On the other hand, UCLA’s online presence belies working conditions and strikes. The administration is continually unable to reach fair contract agreements with the people who drive the former “#1 Public University” and the “#1 Dining Hall in the US.” The institution is out of touch with students; it is trying to maintain a spotless facade in an attempt to cover up its issues. On October 20th, BruinLearn was offline, and UCLA posted a video celebrating that students finally got to ‘touch grass’ because the website was down. The administration admitted through this move that UCLA’s students are so burdened by work that they cannot go outside and rest, but framed it as a crafty marketing strategy. This comes across as out of touch, not something a college Instagram should necessarily be making light of. 
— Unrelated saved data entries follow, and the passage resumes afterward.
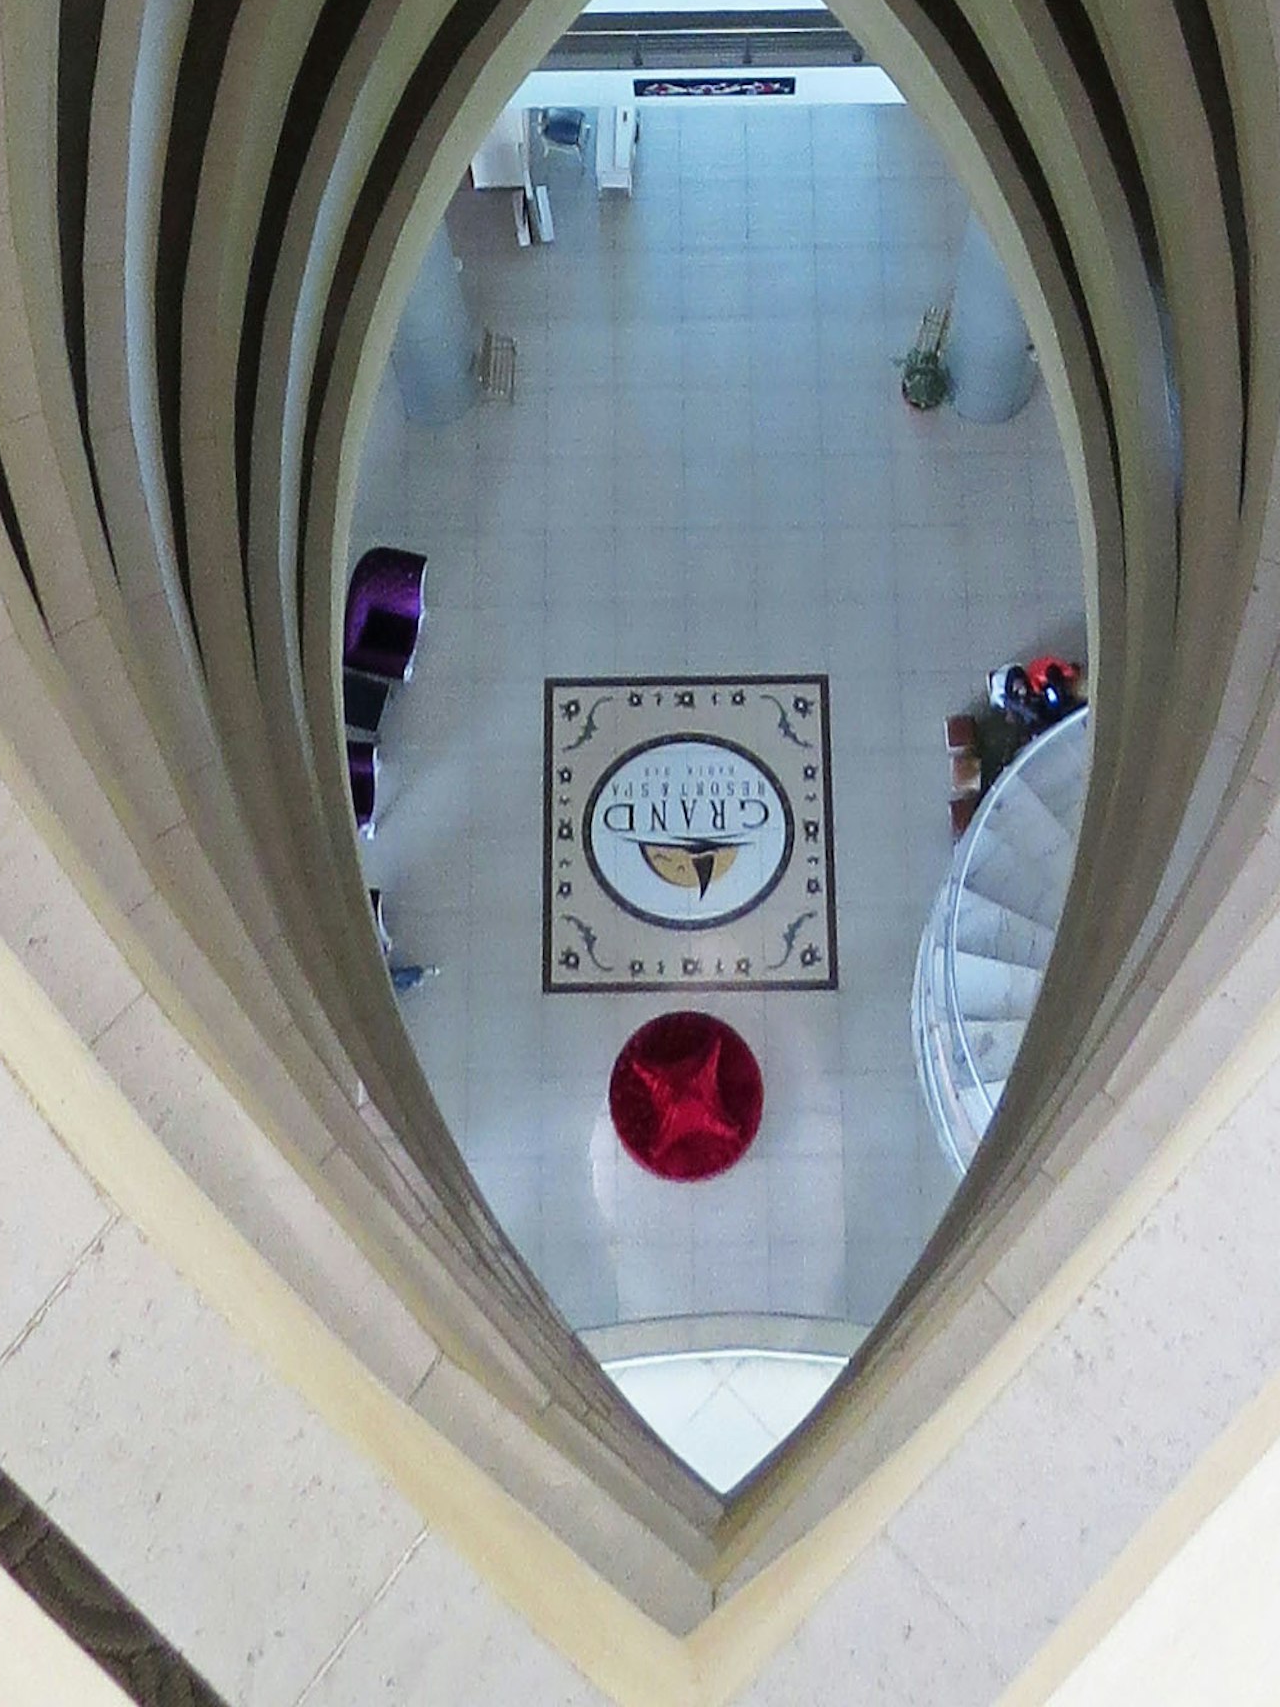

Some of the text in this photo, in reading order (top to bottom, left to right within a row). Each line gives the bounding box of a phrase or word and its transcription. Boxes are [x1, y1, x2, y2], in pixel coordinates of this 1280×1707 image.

[611, 781, 766, 798] RESORT & SPA
[603, 799, 770, 832] GRAND
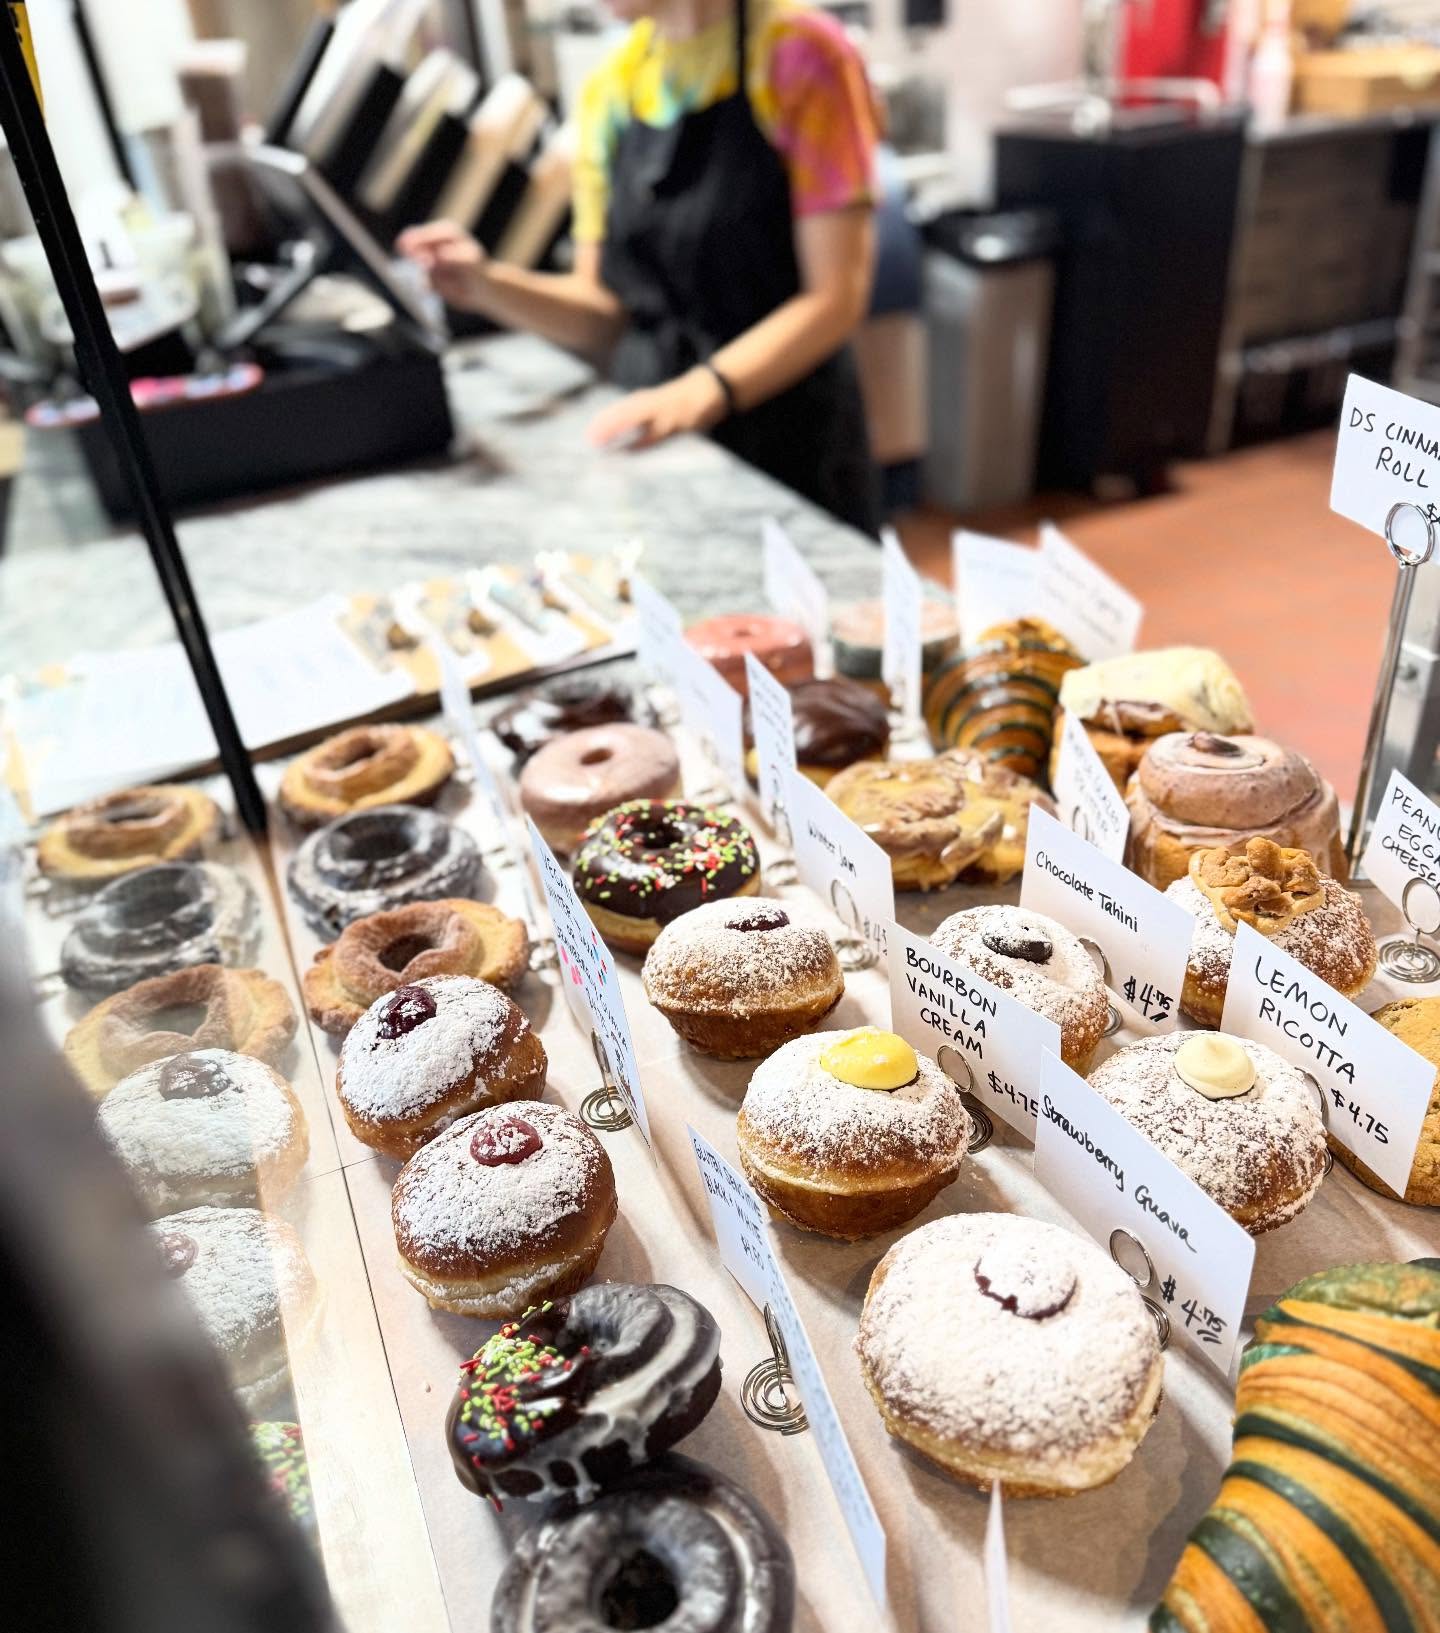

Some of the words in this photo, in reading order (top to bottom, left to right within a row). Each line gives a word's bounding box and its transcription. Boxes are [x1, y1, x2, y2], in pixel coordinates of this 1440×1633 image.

[1350, 407, 1376, 433] DS
[1385, 422, 1440, 461] CINNA
[1376, 446, 1429, 488] ROLL
[1036, 850, 1094, 901] Chocolate
[1098, 890, 1138, 933] Tahini
[905, 947, 997, 1018] BOURBON
[905, 972, 986, 1039] VANILLA
[1254, 955, 1348, 1037] LEMON
[920, 1007, 983, 1060] CREAM
[1258, 997, 1356, 1085] RICOTTA
[1330, 1087, 1389, 1145] $4.75
[1041, 1094, 1124, 1193] Strawberry
[1134, 1184, 1197, 1253] Guava
Our manufactured sensationalism distracts from the overadmission, poorly handled enrollment, and morass of collegiate bureaucracy that makes inquiries and work permissions for international students hard to get. In the midst of all this, UCLA is spending 80 million dollars to breach the Rose Bowl contract and begin hosting home football games at the Sofi Stadium. Everybody comes here with high hopes, and when our hyperreality doesn’t live up, we complain on YikYak. UCLA itself has become the influencer. Baudrillard scorns at the back of the class.

One could argue that our reality is this way because of our proximity to LA culture, where glamorous appearances disguise an uglier truth. LA is the land of many promised things: of the movie “La La Land,” of dreams, of sunlight, of fame, of Hollywood, of glamour and celebrities, of camp, of a beat generation, of revolution, of palm trees, and of people trying to live Joan Didion’s life. Colleges take the shape of the city, and in many ways, the college shapes the city too. 
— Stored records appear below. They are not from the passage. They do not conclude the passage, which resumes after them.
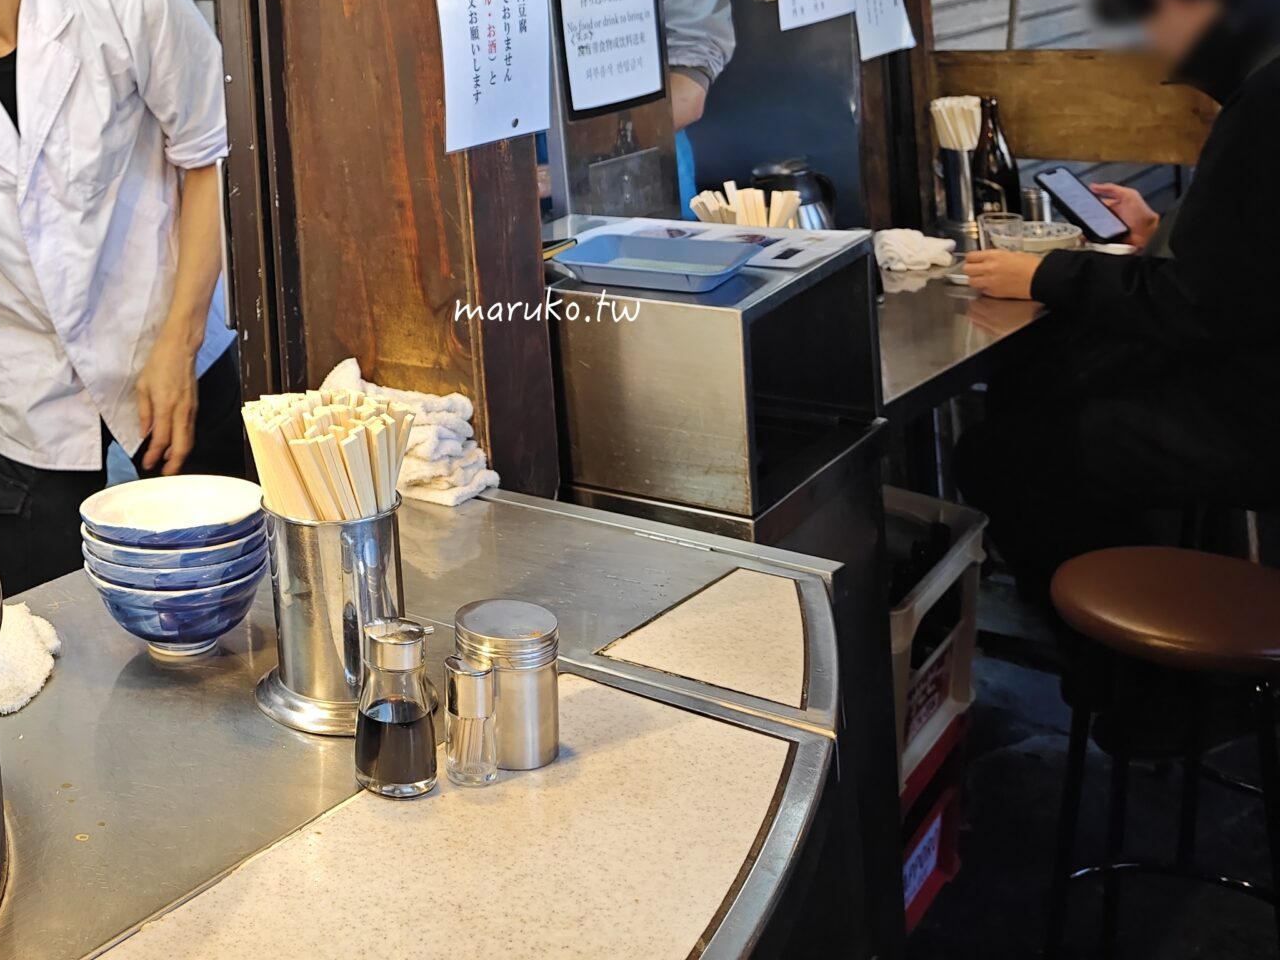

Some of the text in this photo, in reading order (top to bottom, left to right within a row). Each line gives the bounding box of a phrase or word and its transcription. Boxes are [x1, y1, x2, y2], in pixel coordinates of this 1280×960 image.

[567, 22, 578, 34] No
[578, 17, 594, 32] food
[593, 19, 602, 29] or
[602, 13, 620, 27] drink
[620, 13, 627, 23] to
[627, 10, 644, 24] bring
UCLA’s insecurity could just be our unique college identity. Maybe it is something to be proud of.

“An insecurity to be proud of?”

“That doesn’t make sense,” Baudrillard says. 
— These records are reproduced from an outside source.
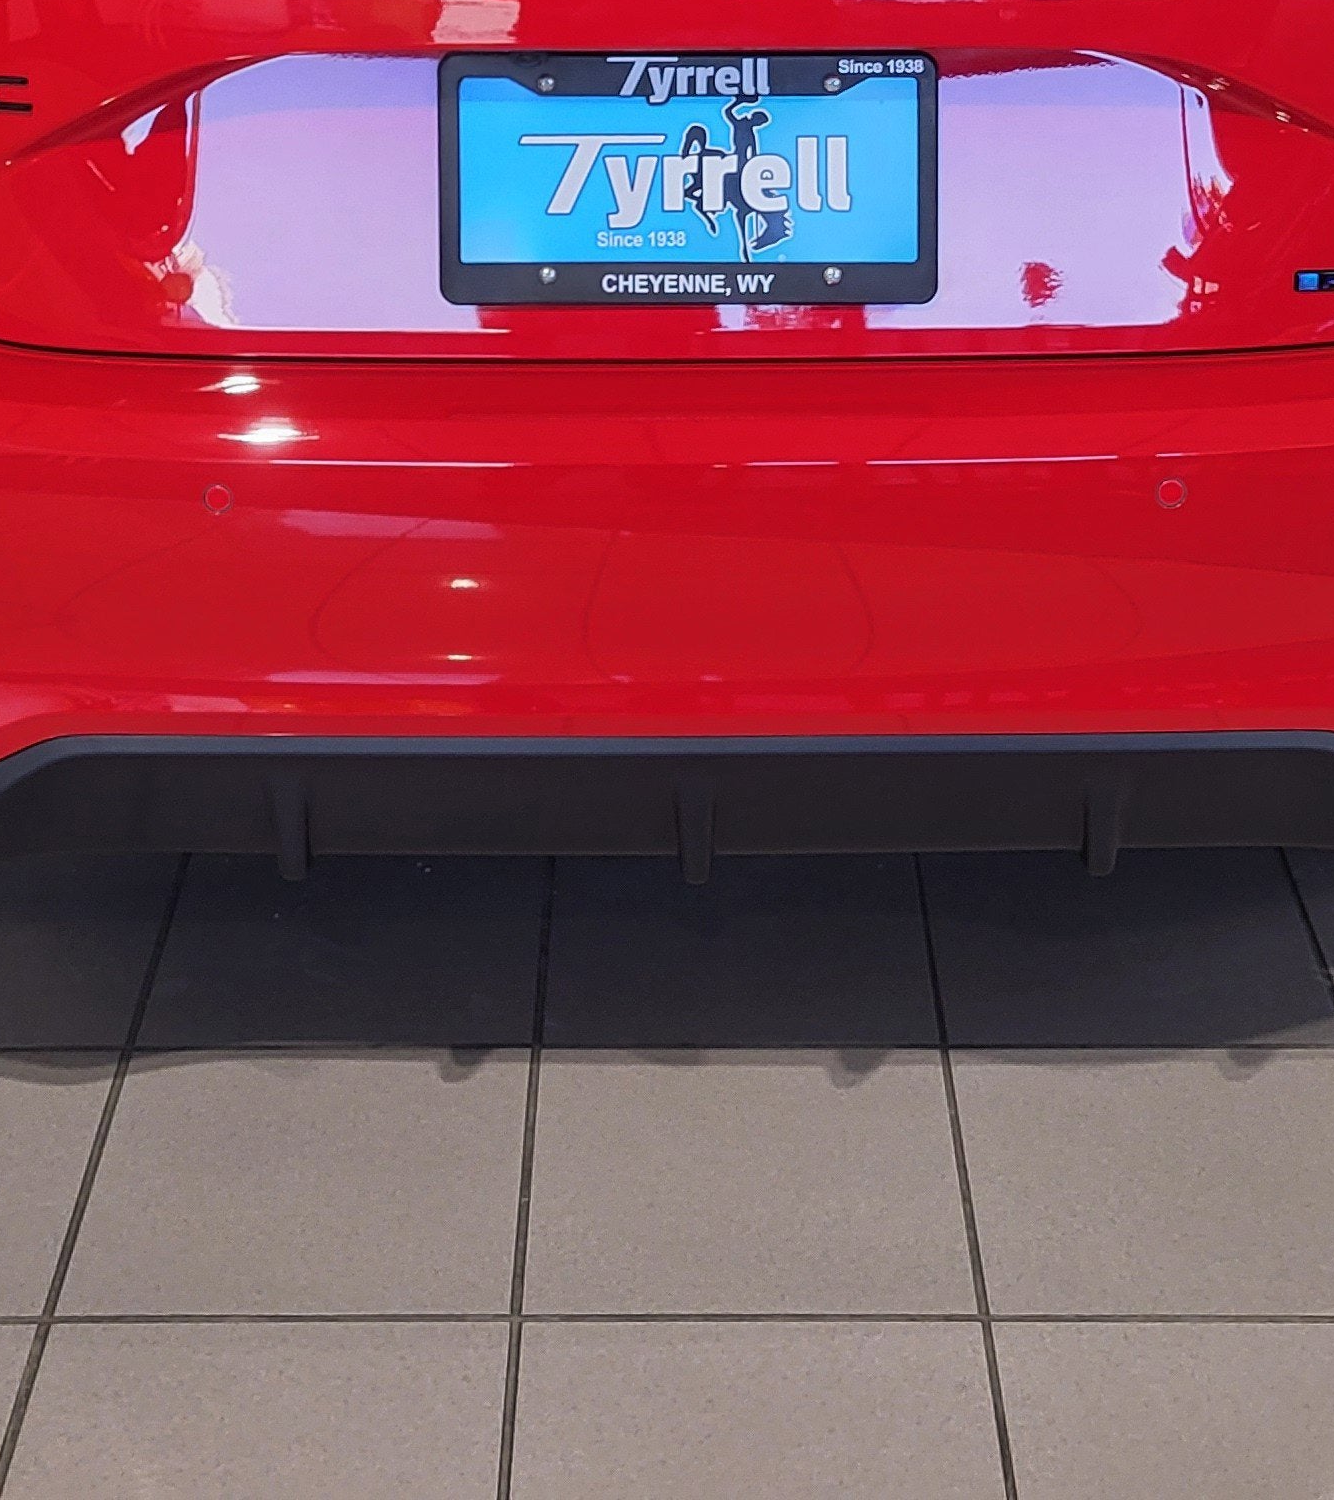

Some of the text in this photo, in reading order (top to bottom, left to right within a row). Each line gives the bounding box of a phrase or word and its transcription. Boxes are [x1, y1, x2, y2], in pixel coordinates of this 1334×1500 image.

[838, 58, 924, 74] Since 1938
[606, 56, 771, 104] Tyrrell
[518, 133, 852, 229] Tyrrell
[596, 231, 687, 249] Since 1938
[601, 273, 776, 297] CHEYENNE, WY
At the end of the day, this is a public school and, with our enormous student body, a synecdoche for life. Everything will change into a hyperreality—one might say it already has. But those who thrive here will succeed in their ambitions after college. As far as the school goes, we are privileged. The same problems that all public schools face do beleaguer us, but UCLA succeeds in many places. We should take a very straightforward approach and view this for all it is, the physical training for a life, one with very good facilities. The physical, somatic sense of place is what matters. 

One can go on and on about how UCLA has lost its sense of place, how it is lacking in heritage and instills false pride, but you cannot deny how breathtaking Royce can be on a good day. Just as William Gass refuted the lofty Barthes’ Death of the Author, “you can deny the concept of the author for as long as you want, the fact remains that a person wrote the book,” nothing can refute the ontological and objective fact of the gorgeous red bricks and prairies and sunlight on campus. It will always have a place until the Fourth Reich bombs New Los Angeles.